Kentucky, like most Southern states in the US, touts a “business friendly” legal and political environment for corporations, with ample tax loopholes and “incentives,” a low business tax rate, and underfunded regulatory agencies, along with an impoverished and underemployed workforce. This state of affairs has been cultivated over the past several decades to entice corporations pulling up stakes in Midwestern states, where wages and benefits are historically higher, to relocate to the South.
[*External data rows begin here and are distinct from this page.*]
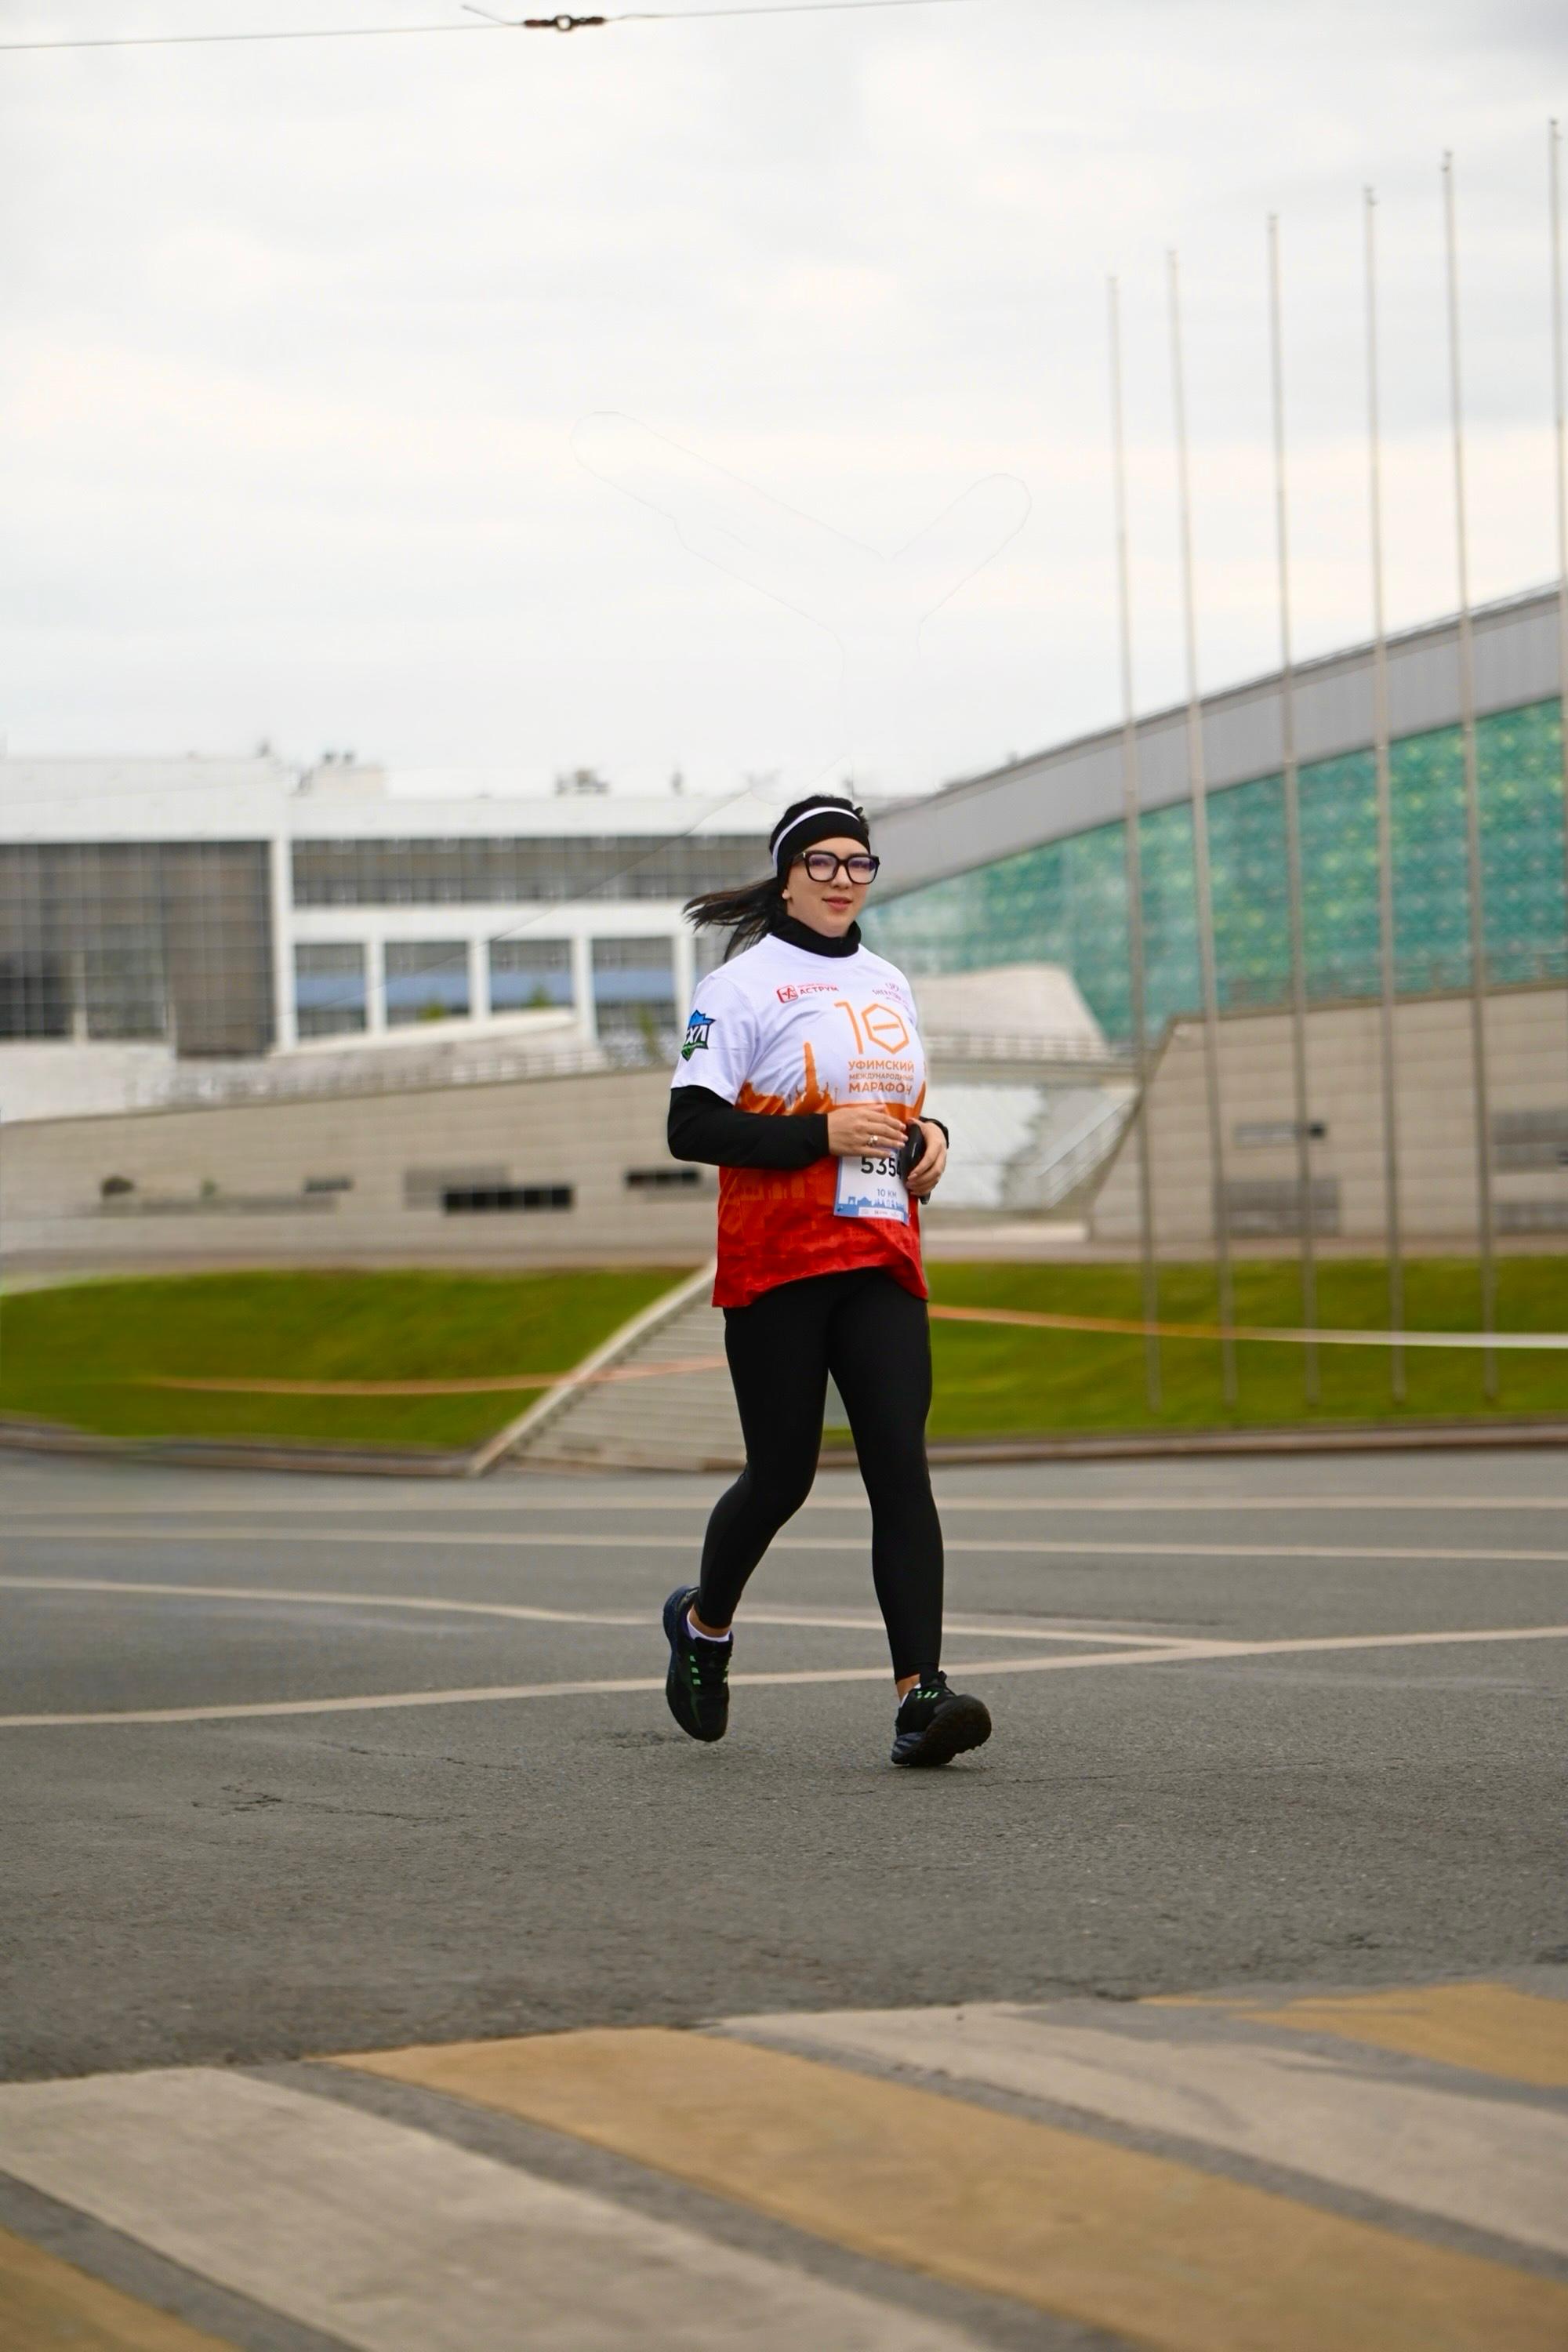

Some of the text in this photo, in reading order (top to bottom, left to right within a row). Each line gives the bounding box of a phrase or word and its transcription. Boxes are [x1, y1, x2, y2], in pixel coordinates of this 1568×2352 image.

[800, 985, 839, 995] АСТРУМ
[848, 1060, 914, 1073] УФИМСКИЙ
[849, 1081, 912, 1095] МАРАФОН
[877, 1189, 885, 1197] 10
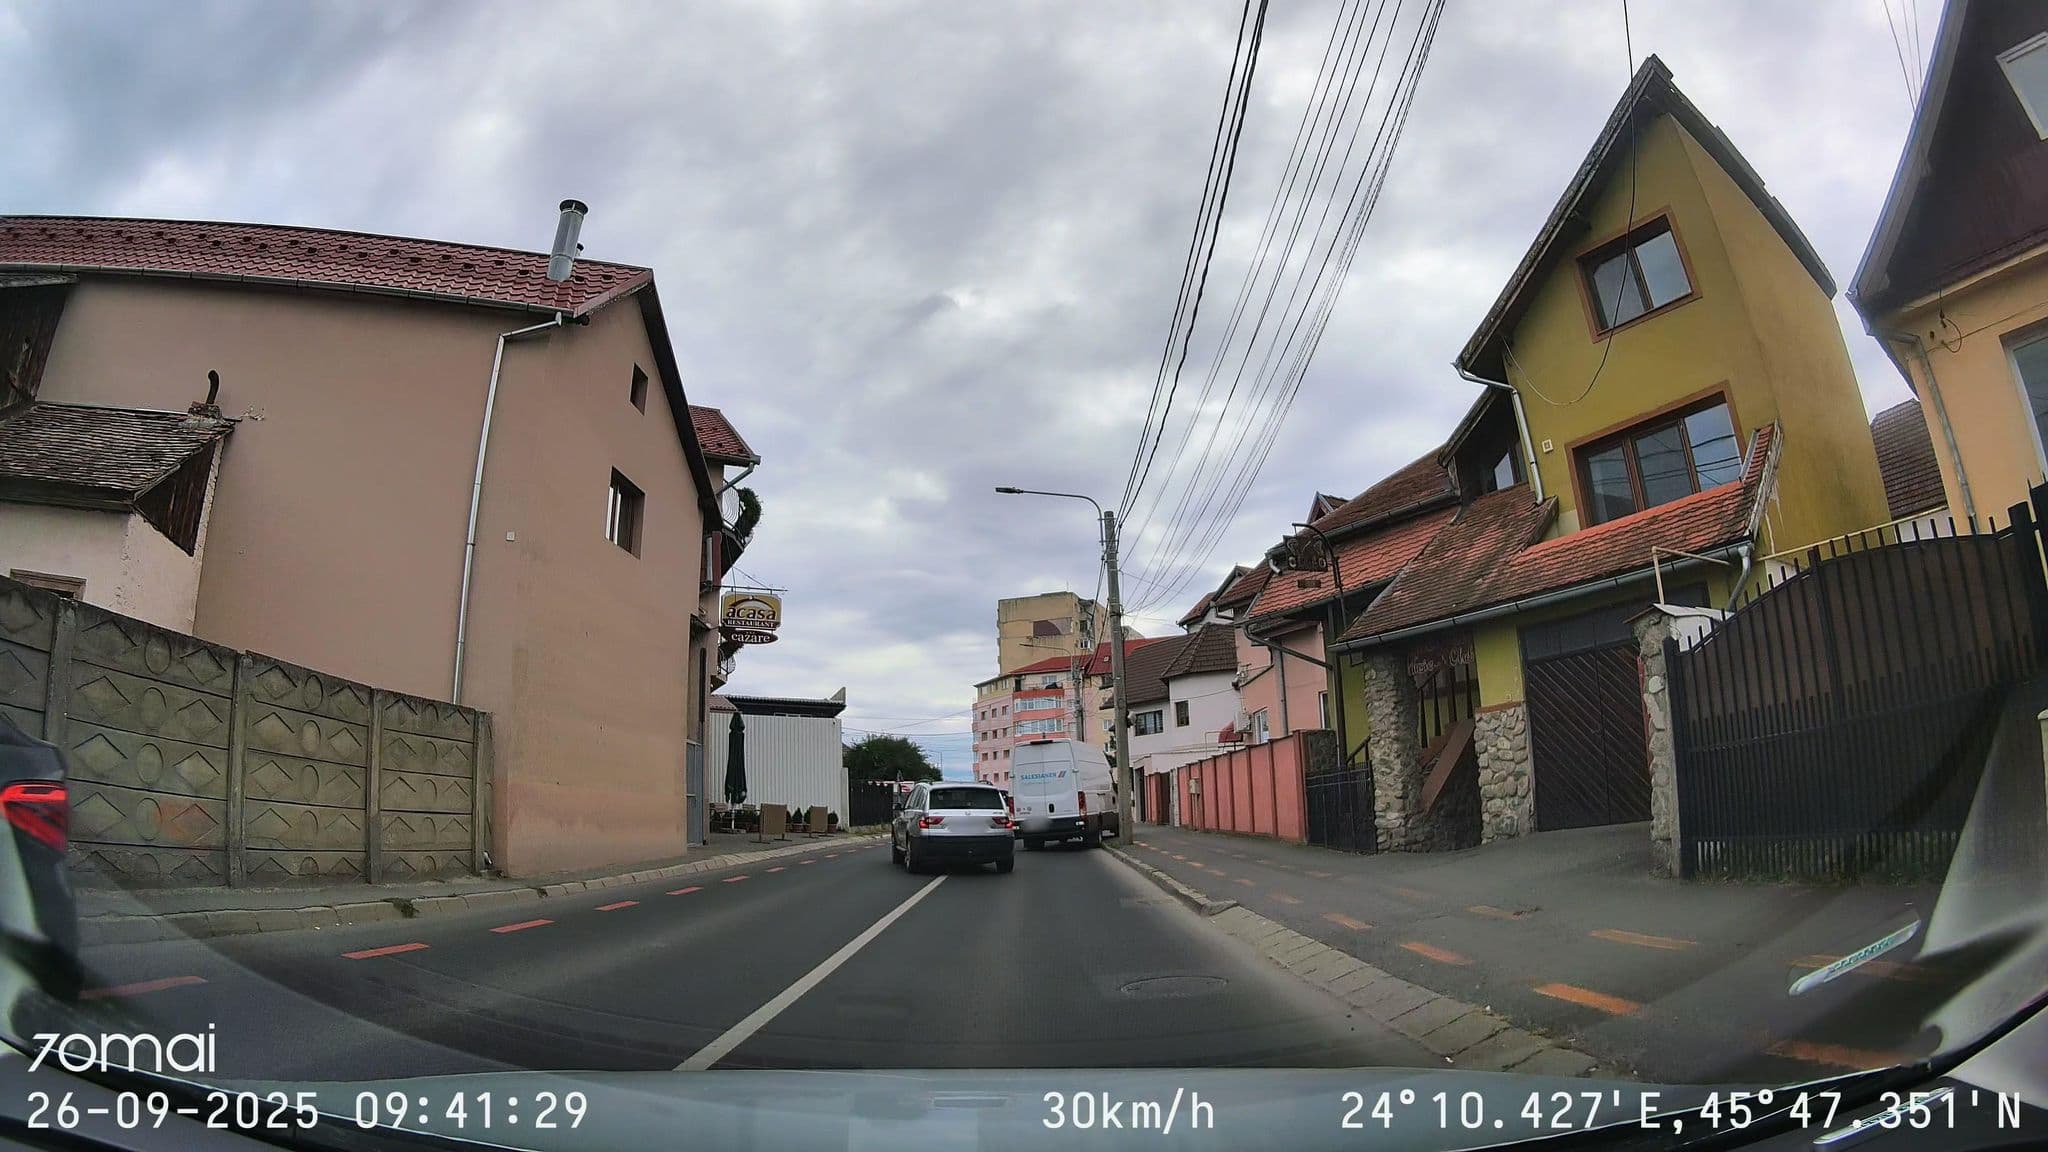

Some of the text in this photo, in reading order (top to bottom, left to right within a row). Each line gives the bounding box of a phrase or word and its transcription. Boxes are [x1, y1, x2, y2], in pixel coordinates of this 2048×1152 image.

[726, 606, 776, 620] acasa
[727, 619, 775, 628] RESTAURANT
[731, 633, 770, 643] cazare
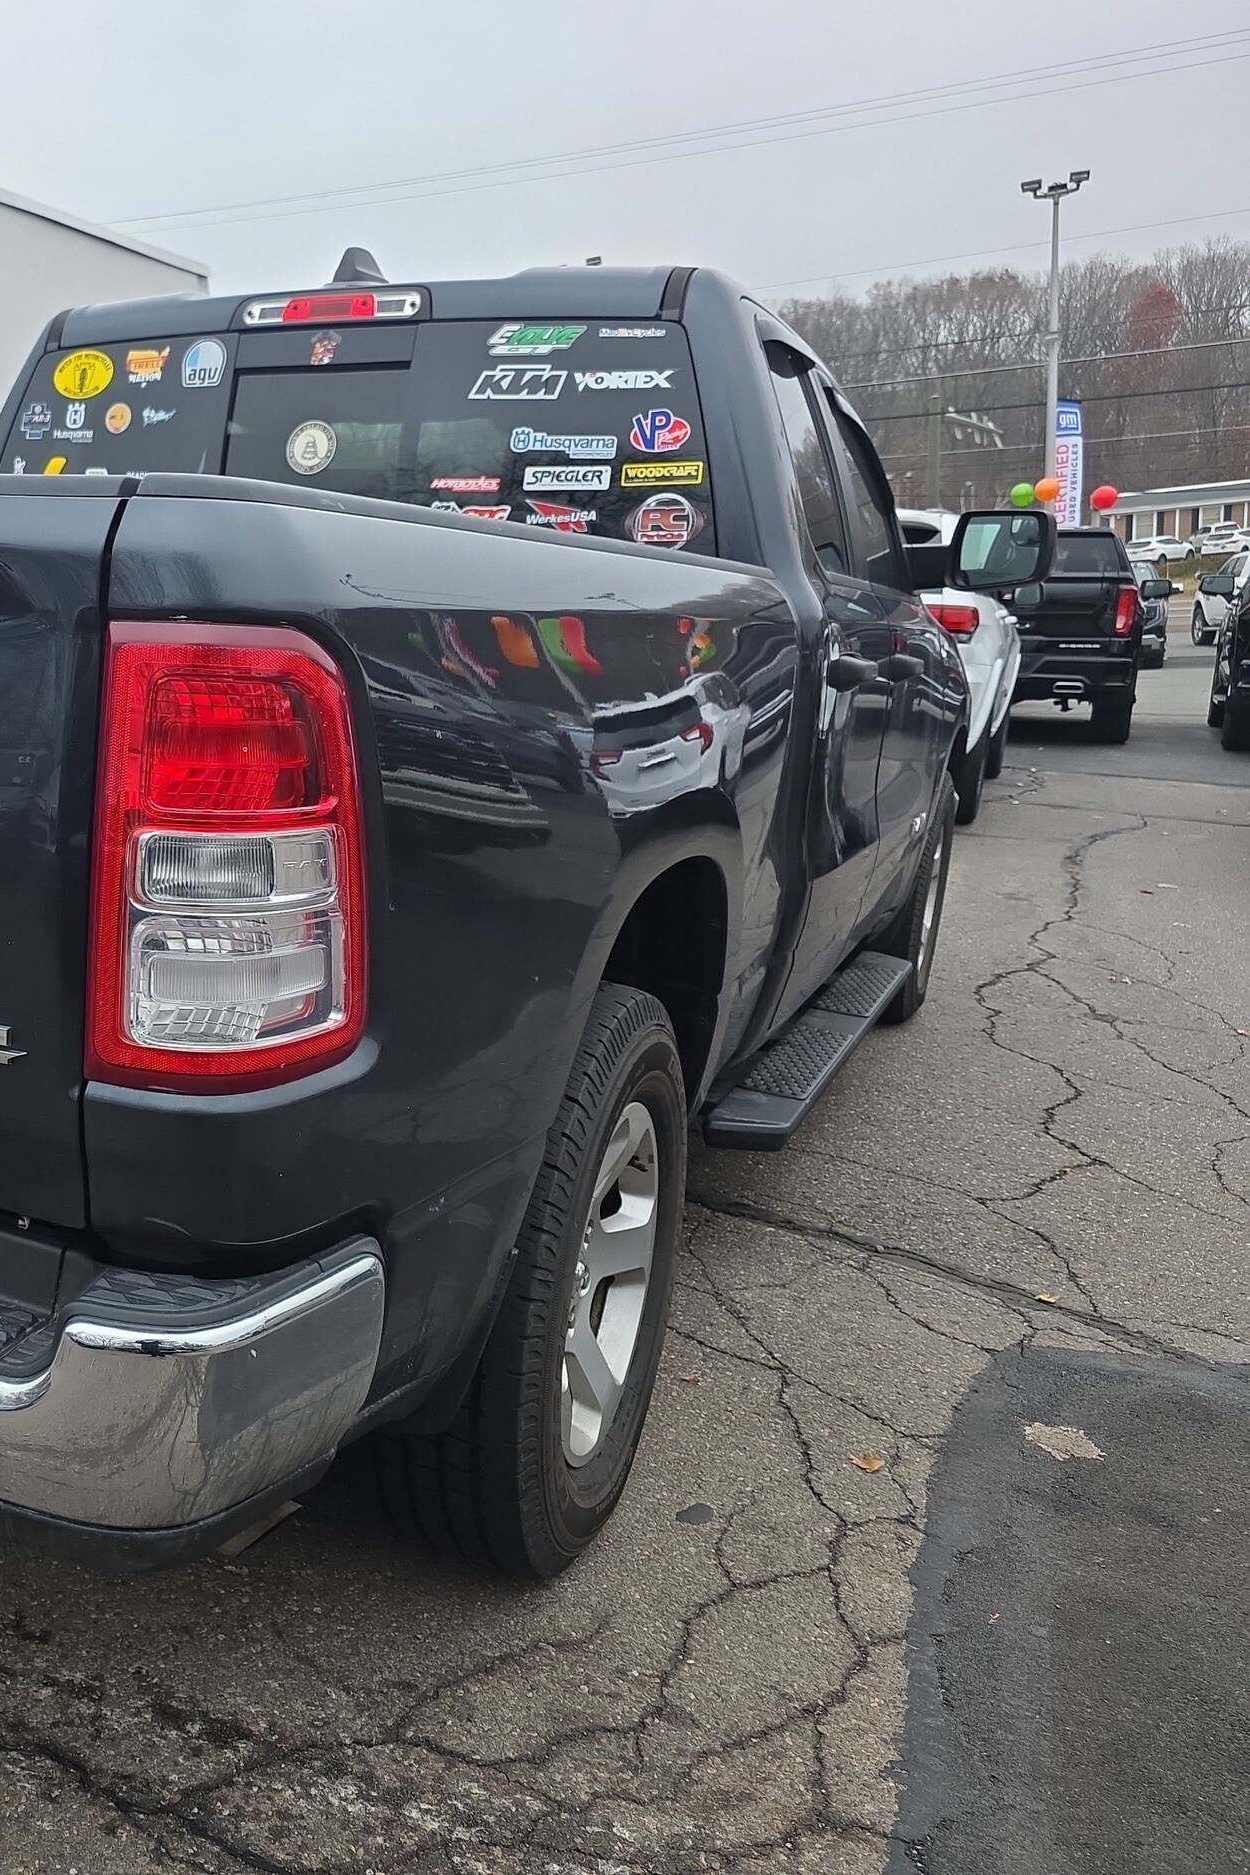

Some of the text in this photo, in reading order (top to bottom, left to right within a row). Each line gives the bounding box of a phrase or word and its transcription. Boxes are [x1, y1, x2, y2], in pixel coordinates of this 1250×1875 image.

[188, 367, 219, 384] agv
[469, 365, 567, 399] KTM
[574, 370, 674, 391] VORTEX
[1059, 413, 1078, 429] gm
[53, 429, 94, 440] Husqvarna
[634, 410, 671, 451] VP
[532, 434, 615, 450] Husqvarna
[526, 470, 603, 485] SPIEGLER
[627, 465, 698, 478] WOODCRAFT
[1054, 444, 1070, 525] CERTIFIED
[1068, 443, 1079, 523] USED VEHICLES
[526, 510, 597, 525] WerkesUSA
One product of this shift has been the creation of an industrial workforce in the South that is largely non-union, temporary, deprived of benefits, and exposed to all manner of hazardous conditions.
Just two days after the Rubbertown explosion, a leak of anhydrous ammonia forced 1,000 workers to evacuate the JBS Swift meatpacking plant in Butchertown, near Louisville’s downtown. The vapor, which is used in refrigeration of meat at the plant, causes chemical burns to the skin and lungs. One worker, whose name was not released, was sent to the hospital with eye injuries, and other workers complained of headaches. Residents within a mile-radius of the plant were told to stay indoors and avoid using heating units because of the fumes. Two years ago, a leak of anhydrous ammonia at American Cold Storage, another Butchertown facility, killed two workers and injured several others.
The two Louisville incidents last week are the latest in a series of industrial accidents in the state. On March 2, an explosion at Premium Air Systems in downtown Burkesville, Kentucky, seriously injured a worker. Michael Bowen, 31, was cutting the top from a 55-gallon drum when fumes inside ignited and blew the metal drum into his face. Bowen is listed in critical condition with head trauma.
On November 23, 2010, one worker was killed and another four were injured when a large tire exploded at Harsco Metals in Gallatin County. On October 29, three men working as contractors at the Tennessee Valley Authority power plant in Muhlenberg County were seriously burned when a build-up of fly ash they were cleaning burst into flame. On September 24, four workers were seriously burned in an explosion at Kingsford Charcoal Plant in the southern Kentucky town of Burnside.
On May 10, a worker at the Louisville Metro Jeffboat shipbuilding plant was killed in a fall. Robert Harrison, who had worked at the facility for 18 years, was killed after falling 20 feet from a walkway. Just two days later, another long-time worker at the facility died as the result of a similar fall.